Channelpedia

PubMed 24285684


Referenced in: none

Automatically associated channels: HCN2 , TASK1 , TASK2



Title: Lower expression of the TWIK-related acid-sensitive K+ channel 2 (TASK-2) gene is a hallmark of aldosterone-producing adenoma causing human primary aldosteronism.

Authors: Livia Lenzini, Brasilina Caroccia, Abril González Campos, Ambrogio Fassina, Anna S Belloni, Teresa M Seccia, Maniselvan Kuppusamy, Silvia Ferraro, Ghizlane Skander, Michael Bader, William E Rainey, Gian Paolo Rossi

Journal, date & volume: J. Clin. Endocrinol. Metab., 2014 Apr , 99, E674-82

PubMed link: http://www.ncbi.nlm.nih.gov/pubmed/24285684


Abstract
The molecular mechanisms of primary aldosteronism, a common cause of human hypertension, are unknown, but alterations of K(+) channels can play a key role.The objective of the study was to investigate the following: 1) the expression of the Twik-related acid-sensitive K(+) channels (TASK) in aldosterone producing adenomas (APAs); 2) the role of TASK-2 in aldosterone synthesis; and 3) the determinants of TASK-2-blunted expression in APAs.We analyzed the transcriptome and the microRNA profiles of 32 consecutive APAs and investigated the protein expression and localization of TASK-2 in APA and adrenocortical cell lines (H295R and HAC15) using immunoblotting and confocal microscopy.

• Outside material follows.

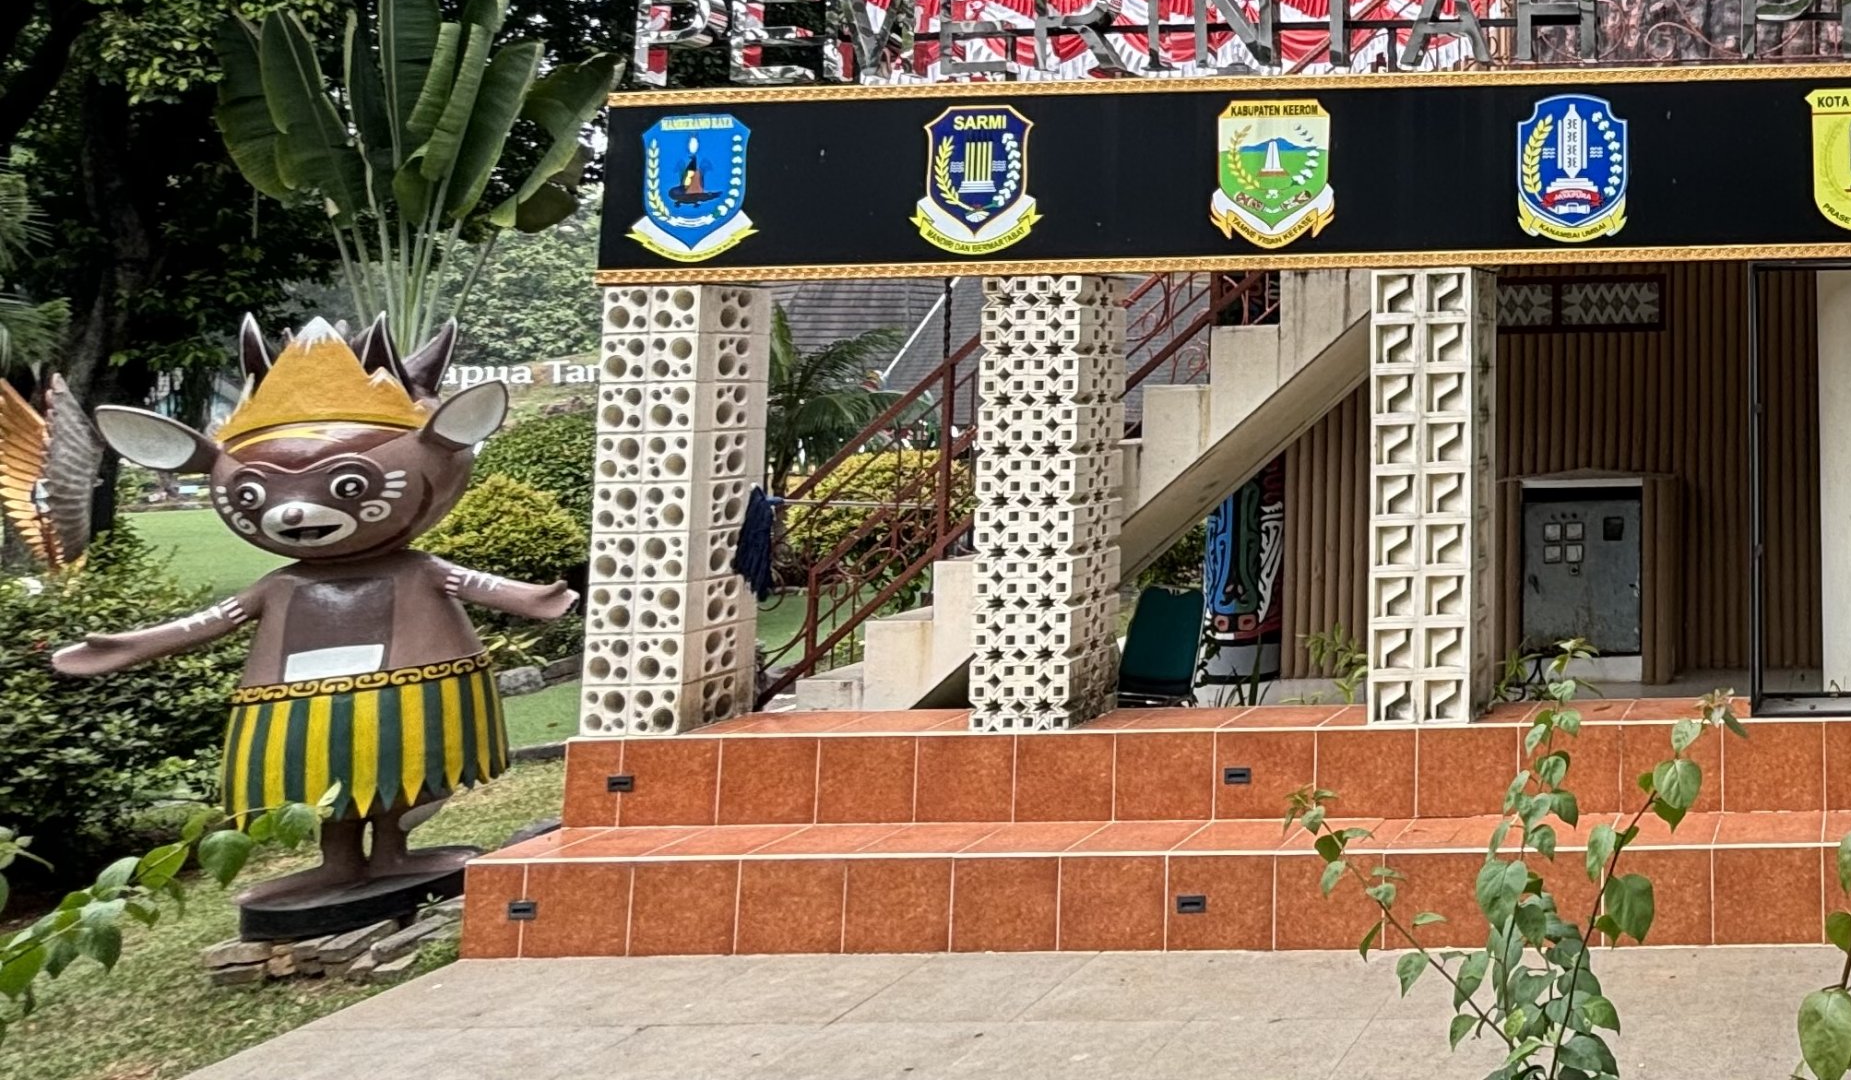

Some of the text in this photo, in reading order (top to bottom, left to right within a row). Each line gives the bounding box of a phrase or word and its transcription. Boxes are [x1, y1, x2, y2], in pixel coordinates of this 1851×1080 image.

The functional effect of TASK-2 blunted activity caused by a dominant-negative mutation on steroidogenic enzymes, and aldosterone production was also assessed. TASK-2 regulation by selected microRNA was studied by a luciferase assay.TASK-2 was consistently less expressed at the transcript and protein levels in APAs than in the normal human adrenal cortex. H295R cell transfection with a TASK-2 dominant-negative mutant construct significantly increased the aldosterone production by 153% and the gene expression of aldosterone synthase (CYP11B2, gene expression fold change 3.1 vs control, P < .05) and the steroidogenic acute regulatory protein (gene expression fold change 1.8 vs control, P < .05). Two microRNAs, hsa-miR-23 and hsa-miR-34, were found to decrease the TASK-2 expression by binding to the 3' untranslated region of the TASK-2 gene.The TASK-2 channel lower expression represents a hallmark of APA and is associated with a higher expression of hsa-miR-23 and hsa-miR-34. The ensuing blunted TASK-2 activity increased the production of aldosterone in vitro and the expression of steroidogenic acute regulatory protein and CYP11B2. Hence, the lower expression of TASK-2 channel in APA cells can explain high aldosterone secretion in human primary aldosteronism despite the suppression of angiotensin II, hypertension, and hypokalemia.